Harry wondered, with a sly smile, just where that left him. Isolated? He didn't feel isolated by the new developments. After all, he could talk to Ginny. That thought started another train of thought, which he quickly halted for being ridiculous. After all, she was practically his sister. Sometimes, Mr Potter, an ice cream and a bit of friendly banter in the sunshine is just what it seems and nothing more, he told himself. All right then, Harry, enjoy it for what it seems. He nodded happily to himself. Too much of his life revolved around the end of the world, and Voldemort, Potions Essays and other dreadful things. He decided he actually didn't give a damn about whether he had more serious things to be worrying about. Sorry, Voldie, but I can't play your game all the time, he smirked, and, happily dreaming of summer time and friendship, drifted into sleep.


PAIN

FEAR

DEATH

AVADA KEDAVRA

HELP ME

NO HELP WILL COME

He strode into the Muggle dwelling, looking about himself for the sacrifices. Yes… there they were. Bellatrix, her eyes alight with their usual delight at fulfilling his will, stood behind the dining chairs, her wand dancing over the faces of the three sitting in them. The father, a fat, bald man in his forties, was writhing and twitching against his bonds, his eyes rolling back in his head, and an ululating wail coming from his mouth. Inspecting him more closely, Voldemort noted with amusement that the man had bitten out his own tongue.

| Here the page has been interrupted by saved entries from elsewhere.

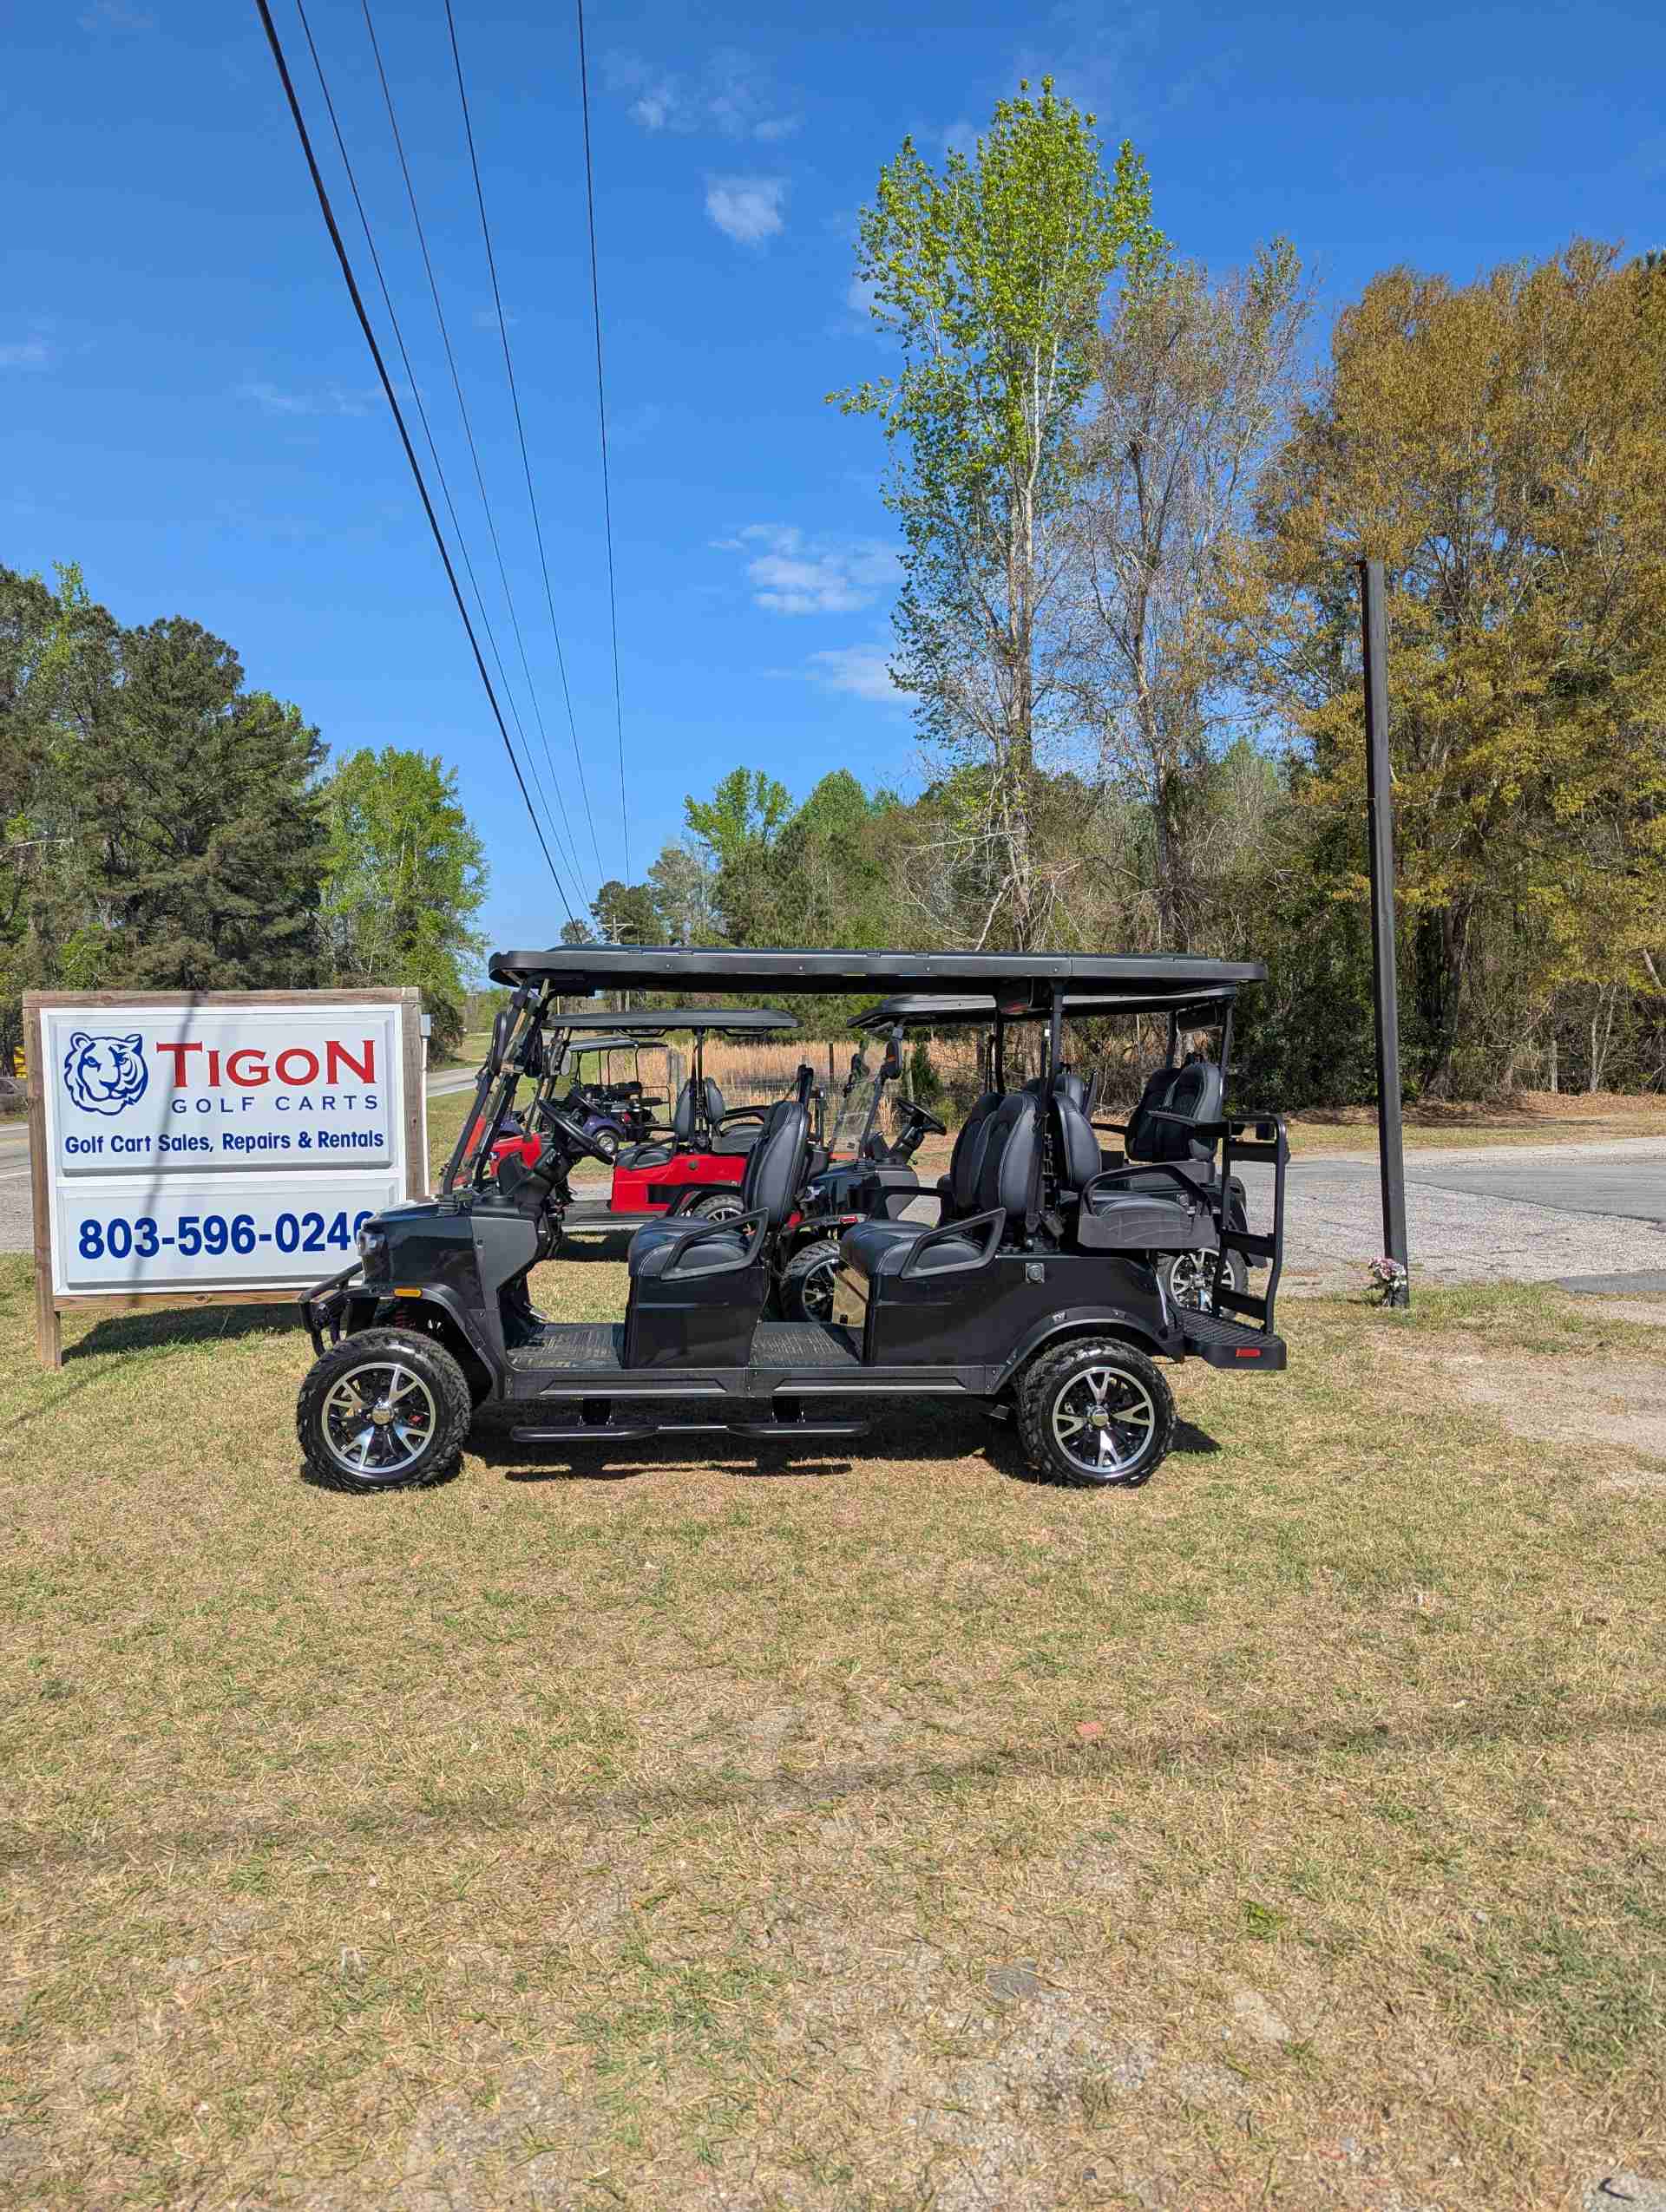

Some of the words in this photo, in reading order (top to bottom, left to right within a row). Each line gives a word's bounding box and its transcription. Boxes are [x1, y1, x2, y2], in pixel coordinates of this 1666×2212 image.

[171, 1096, 255, 1114] GOLF
[275, 1094, 379, 1111] CARTS
[64, 1135, 105, 1154] Golf
[110, 1135, 152, 1153] Cart
[158, 1133, 214, 1154] Sales,
[222, 1131, 292, 1154] Repairs
[298, 1130, 313, 1149] &
[318, 1129, 384, 1149] Rentals

"Yesss… Bella, your gifts with Cruciatus are unmatched, my dear… do pray, continue," he hissed, and turned to regard the man's wife and child, shrinking into their seats in terror. Smiling, he reached out a hand, and caressed the child's jaw. A girl, about twelve. For the moment the thought of giving her to his Death Eaters for amusement crossed his mind, but he decided against it. Too… sordid. Too easy. No, this particular strike should be demonstration of the magical arts.

He smiled again, his pointed teeth licked by a forked tongue. With a gesture from him, Pettigrew scurried forward, pressing the hilt of a long, saw-edged knife into his hand. Voldemort severed the woman's ropes with a word, and then threw the knife down on the table in front of her. Then he turned his inner eye upon himself, and tilted his head back with glee.

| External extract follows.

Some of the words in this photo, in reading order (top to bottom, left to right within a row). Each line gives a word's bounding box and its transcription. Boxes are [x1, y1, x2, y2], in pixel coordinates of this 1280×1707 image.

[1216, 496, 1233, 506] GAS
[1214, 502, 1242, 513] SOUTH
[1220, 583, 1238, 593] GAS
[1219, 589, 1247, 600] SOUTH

"Potter… stay with us a while. Stay, Potter, stay and watch with me. I would entertain you before I destroy you," he whispered to the awareness he could sense within him, clear again after so many weeks deadened by Occlumency. He could feel the boy's sleeping mind revolting, trying to tear itself away to wakefulness- but no, no, he would not end their connection until he was finished.

The woman, meanwhile, had snatched up the knife, and lunged at him. He met her with his wand.

"Imperio." She froze, and, still pointing with the wand, he gestured towards first the knife in the Muggle woman's hand, and then to her tied daughter. "Take her apart," he purred. "Piece by piece."